La “muerte de Dios” significa que “el mundo suprasensible pierde su fuerza


efectiva, que ya no procura vida”.24 Que dicho mundo, antaño considerado el
mundo verdadero, se torna aparente e irreal, que se sume en la nada. Así
entendida, la declaración de la “muerte de Dios” implica el cuestionamiento del ser
del ente, o lo que es lo mismo, de su fundamento. En ese sentido, Heidegger
asocia su interpretación al advenimiento del nihilismo. Éste, en cuanto momento
límite de la manifestación del ser considerado metafísicamente como fundamento,
debe ser pensado según el postulado de una “historia del ser” que compromete el
destino mismo de la metafísica y su consumación. Heidegger comprende la
“muerte de Dios” en su forma más radical (el nihilismo) en el horizonte del
acontecer epocal de la historia total del ser. En dicho acontecer, la “muerte de
Dios” viene a representar el momento en que Dios como lo más ente del ente es
rebajado a la condición de valor, perdiendo su carácter esencial y su fuerza
efectiva. “Dios” es el nombre para el mundo suprasensible en su totalidad. Pero
este mundo viene a nombrar el ámbito de los valores supremos por obra del
movimiento propio de la época moderna conforme al cual, y en consonancia con lo
pensado por Hegel, la verdad de lo ente pasa a residir en el poner representador
del subjectum. Nietzsche se inscribiría dentro de la metafísica moderna cuando, al
interpretar lo suprasensible como mundo de los valores supremos, ratifica el
ámbito de poder propio de la edad moderna en el que lo ente se determina según
el representar, el estimar o el valorar cuya facultad es privativa del sujeto.

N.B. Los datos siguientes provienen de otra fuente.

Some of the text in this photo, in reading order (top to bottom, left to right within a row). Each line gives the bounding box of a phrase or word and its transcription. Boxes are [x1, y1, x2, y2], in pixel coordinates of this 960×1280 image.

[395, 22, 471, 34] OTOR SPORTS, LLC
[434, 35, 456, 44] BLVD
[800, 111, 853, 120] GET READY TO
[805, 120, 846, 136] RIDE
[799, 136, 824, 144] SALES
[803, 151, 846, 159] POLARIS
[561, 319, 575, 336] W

El sujeto
como el ente que ocupa ahora el lugar de fundamento de toda determinación de
los entes tiene para sí que lo suprasensible, el ser, no se comprende sino en el
orden del valor. La “muerte de Dios” es el momento de la historia del ser en el que
éste es rebajado a la condición de valor. Con ello se supedita al ser, que antaño
mantenía jerárquicamente el carácter de fundamento, a algo fundado por el
disponer o el estimar representador del subjectum. En este momento de la historia
del ser, la estructura fundacional o estructura de fundación (ser-ente) se invierte.

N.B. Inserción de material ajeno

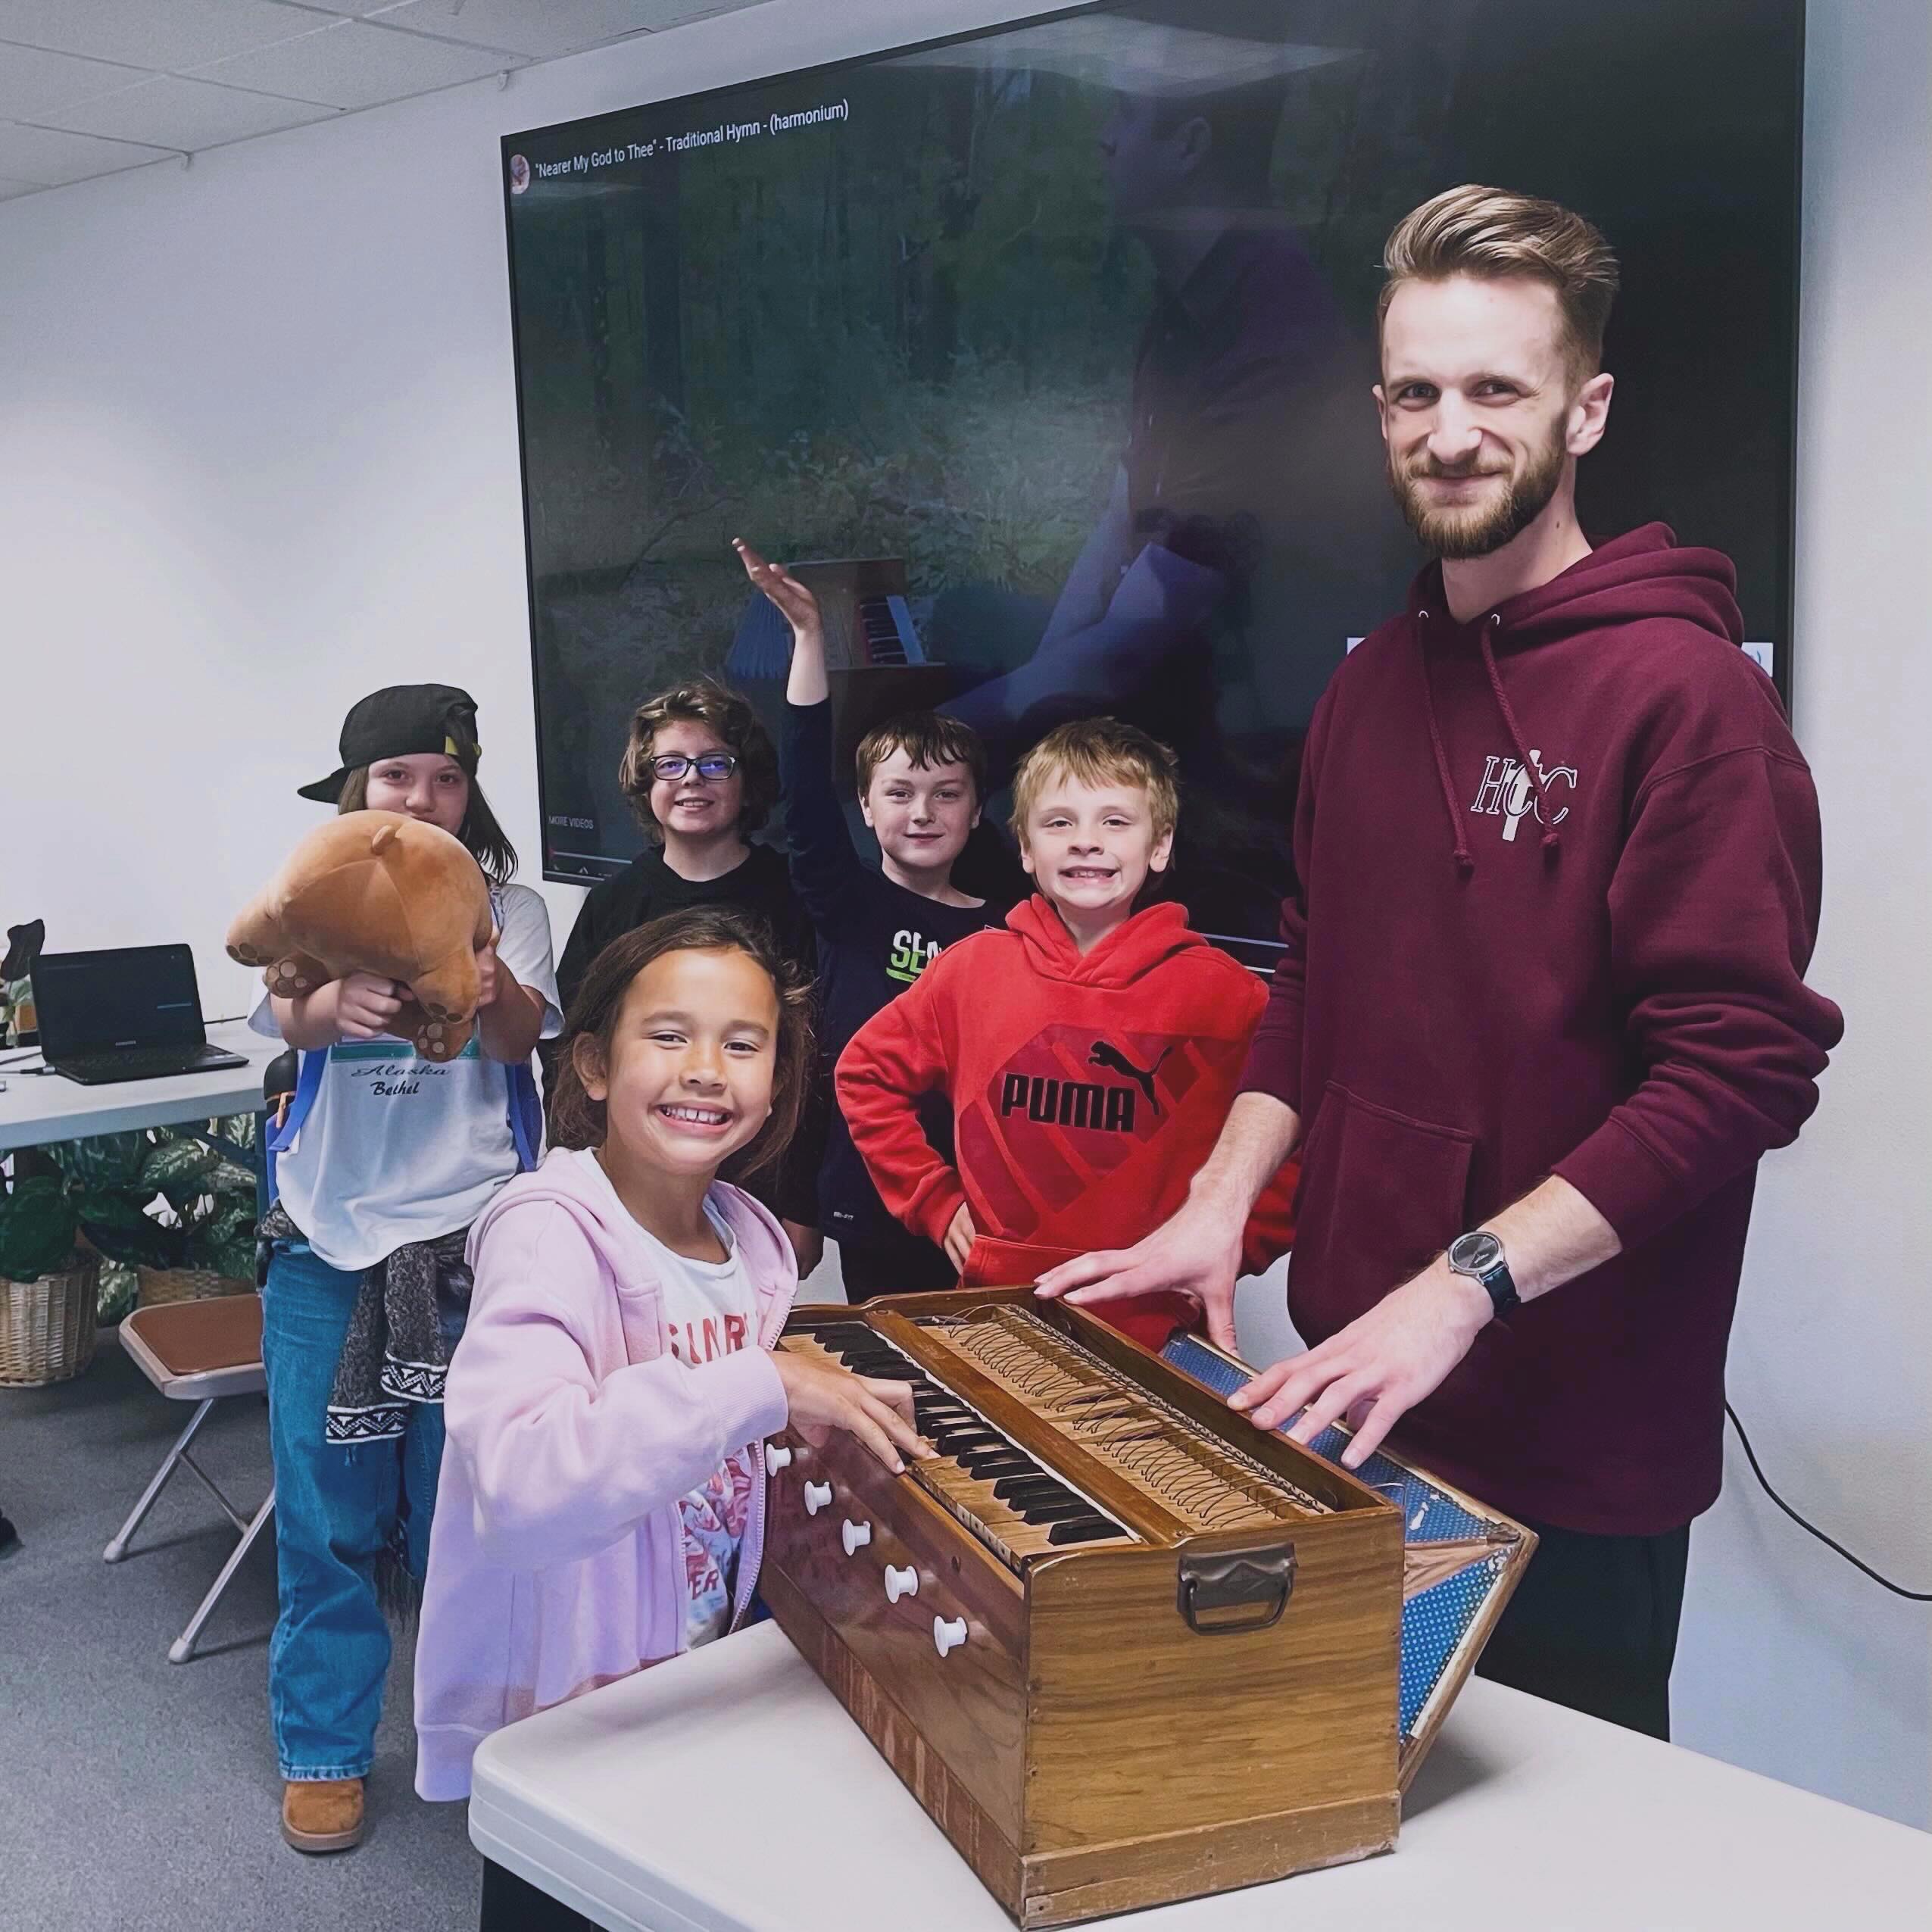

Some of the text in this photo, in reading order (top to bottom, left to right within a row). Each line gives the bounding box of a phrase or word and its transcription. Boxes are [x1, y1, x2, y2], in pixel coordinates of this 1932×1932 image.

Lo suprasensible se desvaloriza y pasa a ser un mero producto de la estimación o
valoración propias del subjectum. Por eso Heidegger dirá que Nietzsche no hace
más que invertir la metafísica concebida como platonismo, o más radicalmente,
que la filosofía de Nietzsche es un platonismo invertido. Pero la toma de posición
de Heidegger frente a Nietzsche no se limita a la acusación de esta inversión. Ella
trasluce un sentido de la “muerte de Dios” en el que ésta se comprende como la
muerte de lo ente por obra de la subjetividad, y en esa medida, como algo que
compromete esencialmente a toda la filosofía moderna. Dicho más claramente, la
“muerte de Dios” equivale a una progresiva destitución del ser en cuanto
fundamento del ente, en favor de la instauración de la subjetividad como principio
supremo. Que esta negación sea efectuada por el pensar que corresponde a la
época moderna testimonia el tipo de relación que aquella época ha venido
sosteniendo con el ente total y con su referencia al ser. Esta relación Heidegger la
comprende bajo el modo del olvido; éste no menciona una operación psicológica,
sino un orden de negación que se habría consubstanciado con la metafísica en su
origen y por el cual la metafísica se torna el ámbito preciso para la irrupción
histórica del nihilismo. La “muerte de Dios” tal y como es efectuada en la
metafísica moderna y en su consumación llevada a cabo por Nietzsche, trasluce
un fenómeno subyacente al conjunto de las manifestaciones o destinaciones del
ser, a saber, el olvido del ser. Este olvido, entendido como lo que delata que el ser
ha permanecido impensado para toda la metafísica occidental, significa que, al
convertir lo ente en objeto del obrar representacional del sujeto, se ha apartado lo
ente en sí; la “muerte de Dios” coincide con este apartamiento de lo ente, es este
apartamiento en cuanto tal. “Matar a Dios” significa apartar lo ente al convertirlo en
objeto. Pero este matar “no sólo derriba a lo ente como tal en su ser en sí, sino
que aparta completamente al ser”.25En la versión heideggeriana, la “muerte de
Dios” menciona el advenir epocal del “olvido del ser”. Este olvido está presente ya
para Heidegger al comienzo de la investigación propuesta en Ser y tiempo,
expresamente relacionada con el descrédito del preguntar de la metafísica: “La
mencionada pregunta [la pregunta por el ser] está hoy caída en el olvido; bien que
nuestro tiempo se anote como un progreso volver a afirmar la metafísica”.26
Llevados a esta instancia, es preciso preguntar una vez más: ¿De qué modo se
corresponden Dios y ser para que la “muerte de Dios” pueda implicar el
cuestionamiento epocal de la metafísica? ¿Cómo es que esta última cuestión, el
“olvido del ser”, viene a sumarse a los problemas antes formulados bajo las
denominaciones de la “muerte de Dios” y la “ruina de la metafísica”? Esta
correspondencia y su alcance están insinuados en la comprensión del nihilismo
como la época del máximo peligro: el olvido del olvido del ser. Heidegger lo
referirá también como “el tiempo de penuria” o “el tiempo indigente” que se
presenta bajo el signo de la huida de los dioses, y en cuya pobreza y rebajamiento
ni siquiera llega a sentir la falta de Dios como una falta.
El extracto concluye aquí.